Prove using principle of mathematical induction

Question

The game Nim is played with two players and two piles of matches. In each turn, each player removes some non-zero number of matches from one of the two piles. The winning player is the player who removes the last match. Prove that if the piles start with equal (non-zero) numbers of matches, then the second player always has a winning strategy.

Answer 1

The base case is when both piles have $1$ match, where you can verify trivially that the second player has a winning strategy (in fact it is the only strategy). Now assume true for all pile sizes $n \leq k$, i.e. if both piles have $n \leq k$ matches, then the second player has a winning strategy. This is called strong induction.

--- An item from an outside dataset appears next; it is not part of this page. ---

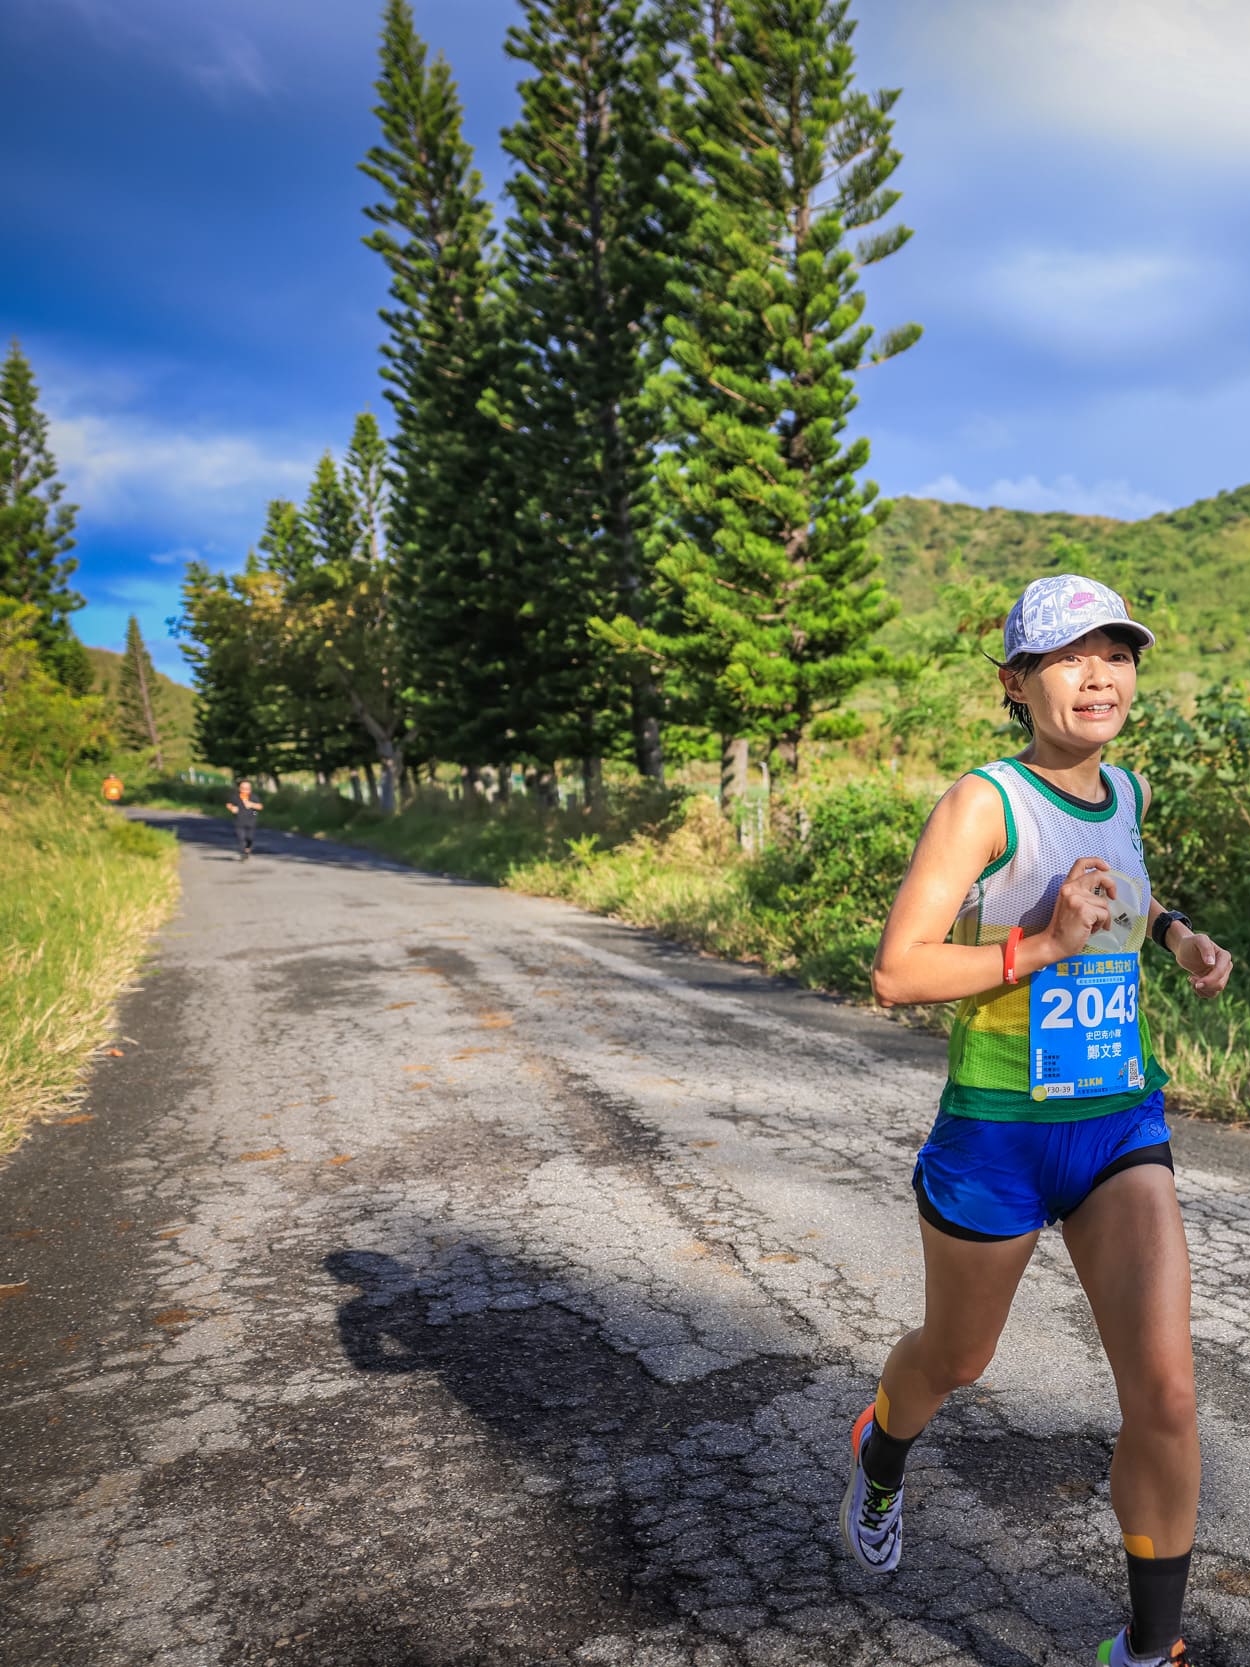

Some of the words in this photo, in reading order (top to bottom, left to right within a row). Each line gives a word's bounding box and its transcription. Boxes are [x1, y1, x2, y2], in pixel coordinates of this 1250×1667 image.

[1040, 983, 1136, 1029] 2043
[1077, 1076, 1103, 1088] 21KM
[1047, 1086, 1071, 1094] F30-39
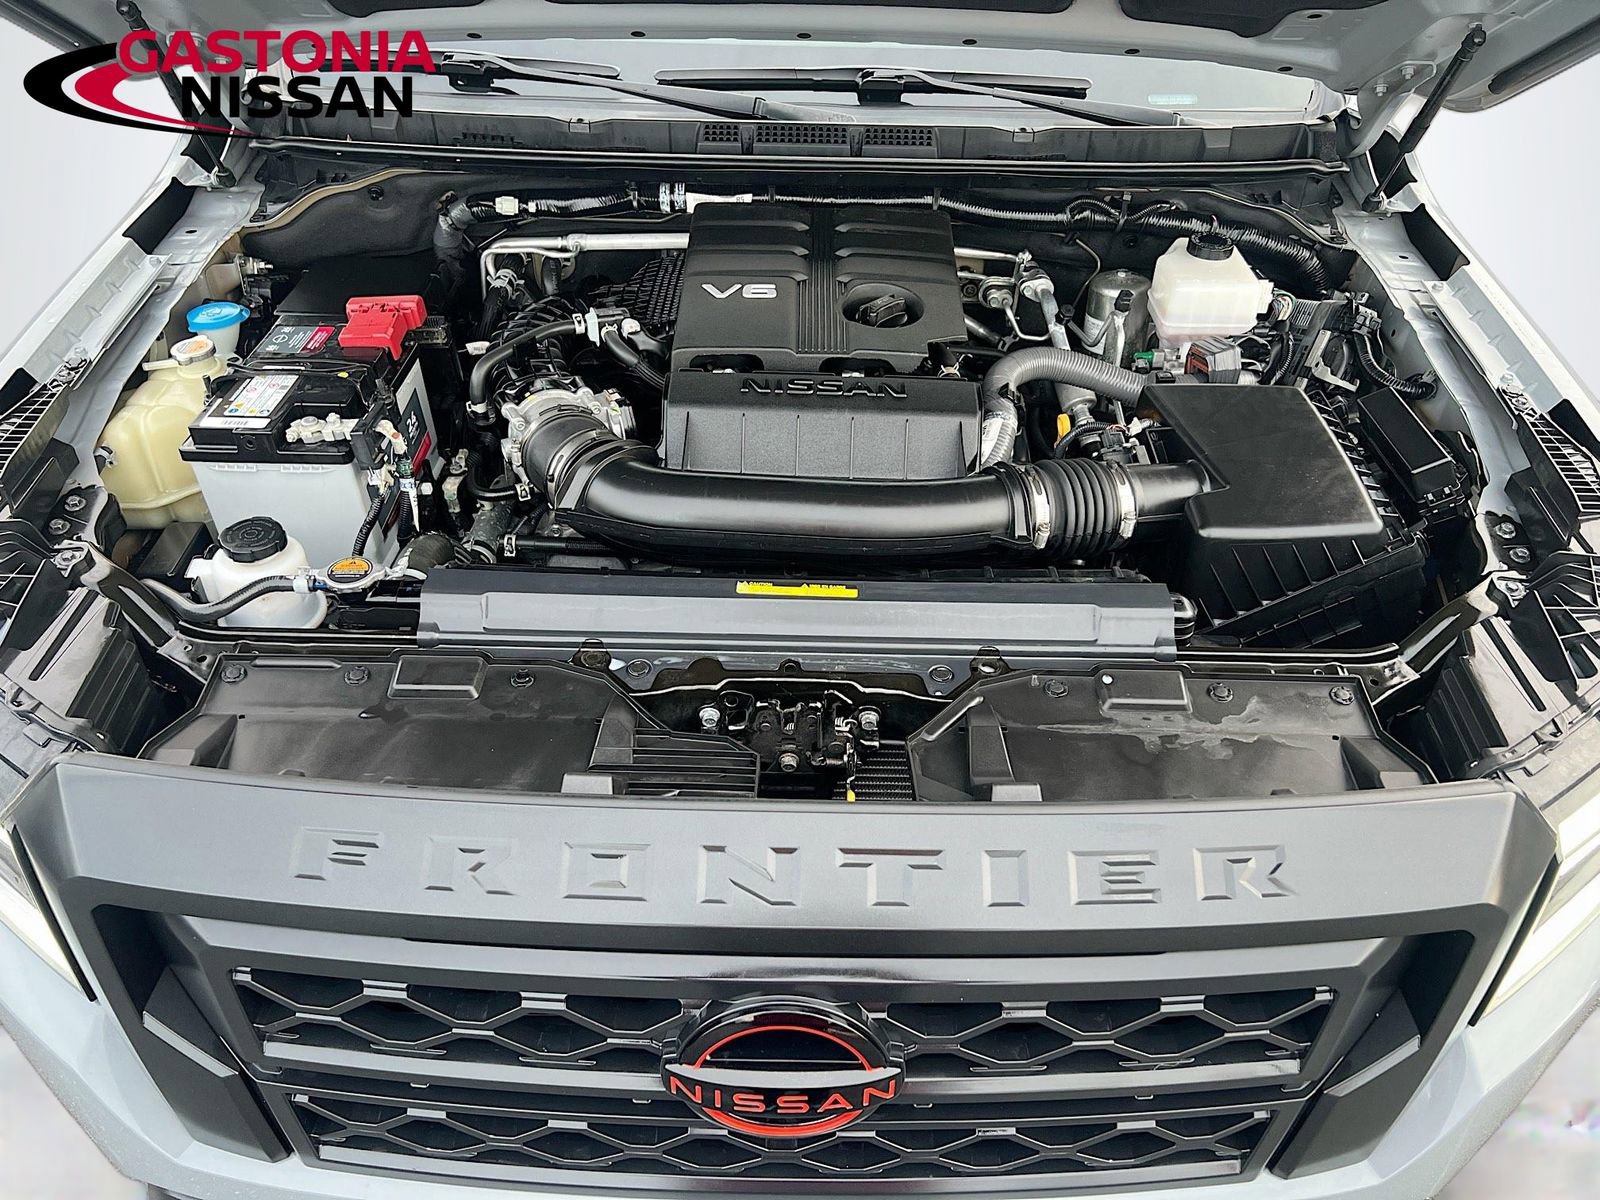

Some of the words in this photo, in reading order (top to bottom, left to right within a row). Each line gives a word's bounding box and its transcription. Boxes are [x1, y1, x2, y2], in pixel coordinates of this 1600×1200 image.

Now consider a game where both piles have $n = k+1$ matches. The first player must take from one of the piles, say they take $a > 0$ matches. If $a = n$, then the second player simply takes all the matches in the other pile to win. Otherwise, $a < n$, then after the first player's move one pile has $n - a$ matches, and the other has $n$ matches. Then by taking $a$ matches from the pile that contains $n$ matches, the game is transformed into a game of Nim where both piles have $ 0 < n - a < n$ matches, and the original second player remains the second player in the new game. By the inductive hypothesis, the second player has a winning strategy for this game, and thus we've shown that he has a winning strategy when each pile has $k + 1$ matches.

This actually tells you what the winning strategy is: just mirror the first player's move on the pile that he did not touch that turn. Follow-up: what does this tell you about who has the winning strategy when the piles are uneven?